Hedge fund flows were largely flat in April as investors took a pause from re-engaging the sector, according to new data from eVestment.
The sector saw estimated net withdrawals of $930 million during the month, eVestment said in its latest Hedge Fund Industry Asset Flows Report, bringing year-to-date flows to $12.18 billion and total industry AUM to $3.107 trillion.
Highlights of the report:
- Among primary strategies, Market Neutral Equity (up $3.19 billion), Directional Credit (up $2.84 billion) and Macro funds (up $1.68 billion) were big winners in asset allocations.
- Macro funds are among the big winners YTD, pulling in $11.58 billion so far this year.
- The continued interest in Macro strategies is evidence that investors are using the industry not just for its increasing prevalence of quantitative strategies, but for expertise on how to navigate, and preferably to benefit, in a global environment increasingly influenced by major geopolitical themes.
- Multi-Strategy and Long/Short Equity strategies were the biggest losers among primary strategies in April, both seeing AUM drop a bit more than $3 billion in April.
- A low proportion of funds received new money in April, and YTD flows suggest some consolidation among funds.
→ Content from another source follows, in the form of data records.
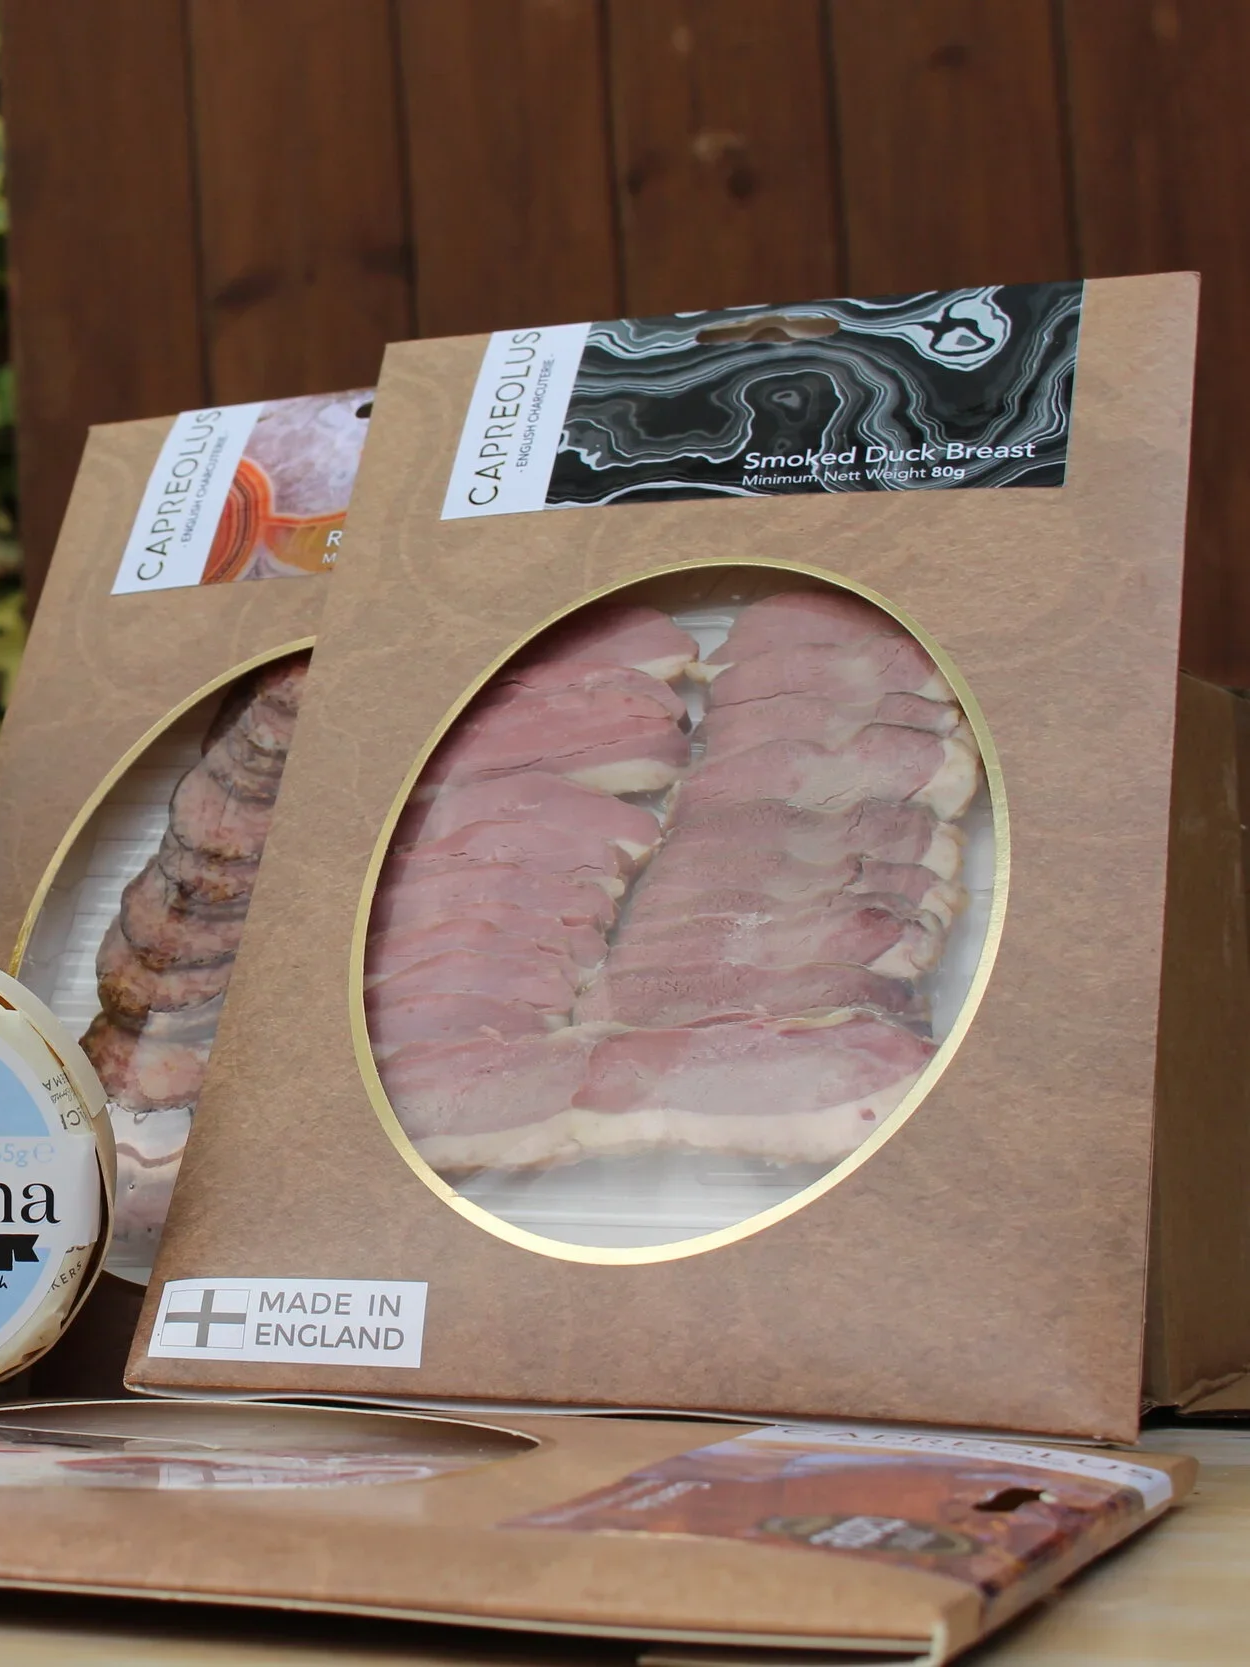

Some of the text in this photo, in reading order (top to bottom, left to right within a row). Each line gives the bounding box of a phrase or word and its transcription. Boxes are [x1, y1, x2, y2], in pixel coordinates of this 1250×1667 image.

[468, 331, 541, 505] CAPREOLUS
[516, 358, 555, 468] ENGLISH CHARCUTERIE
[743, 442, 1036, 470] Smoked Duck Breast
[742, 466, 966, 487] Minimum Nett Weight 80g
[137, 410, 222, 581] CAPREOLUS
[259, 1291, 402, 1317] MADE IN
[255, 1323, 405, 1350] ENGLAND
Smaller funds that performed poorly in 2016 seeing AUM fall while strong 2016 performers are seeing more positive asset growth.
- Asset flows for hedge funds domiciled in Europe turned positive in April, increasing by $1.32 billion, while YTD flow were still a negative $0.24 billion.
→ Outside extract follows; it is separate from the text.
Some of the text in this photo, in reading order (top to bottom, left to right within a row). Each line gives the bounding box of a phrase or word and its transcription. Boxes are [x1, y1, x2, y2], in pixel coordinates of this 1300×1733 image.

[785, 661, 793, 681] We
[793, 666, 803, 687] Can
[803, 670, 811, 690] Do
- Conversely, firms domiciled in the Americas saw AUM fall $1.66 billion, while YTD assets are still up at positive $11.77 billion.
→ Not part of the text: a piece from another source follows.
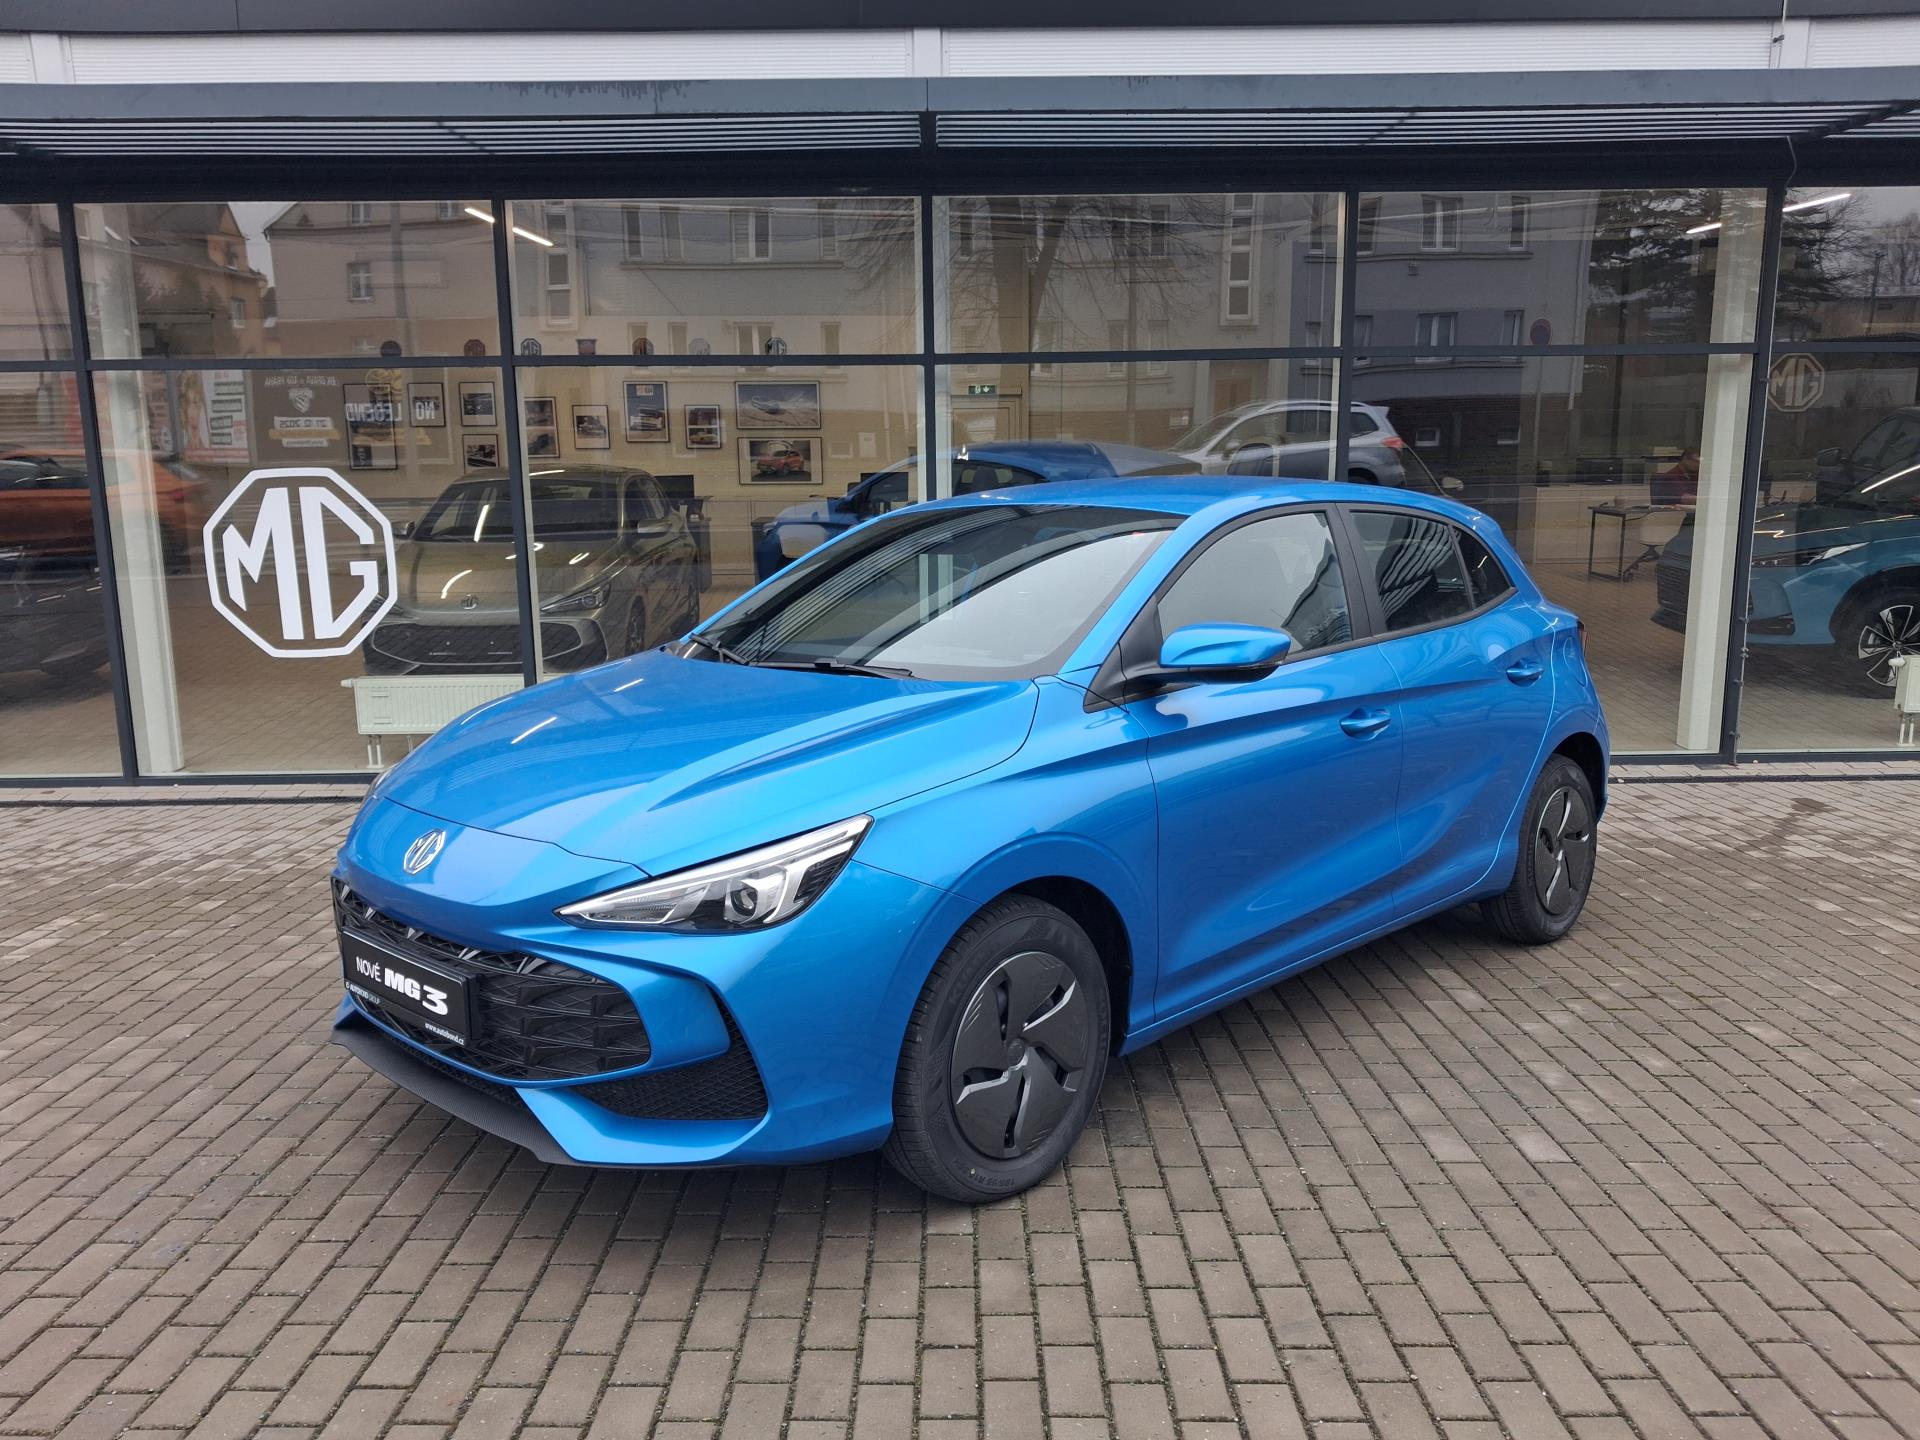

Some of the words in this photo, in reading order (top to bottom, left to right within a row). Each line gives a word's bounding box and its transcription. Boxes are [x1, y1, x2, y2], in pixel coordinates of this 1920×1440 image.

[1771, 358, 1819, 407] MG
[222, 486, 379, 640] MG
[407, 832, 442, 870] MG
[355, 956, 382, 982] NOVÉ
- Investors remain on edge about managed futures allocations, with sentiment shifting in April as 65% of managed futures managers reported redemptions and 55% have YTD outflows.
- Despite an apparent shift towards positive sentiment at the end of 2016, emerging market flows were low/negative in April for the second consecutive month, suggesting investors are largely content to sit on the sidelines for now.
Atlanta-based eVestment was founded in 2000 by Jim Minnick, Matt Crisp and Heath Wilson. The company boasts one of the largest, most comprehensive global databases of traditional and alternative strategies and provides institutional investment data intelligence and analytic solutions to clients worldwide.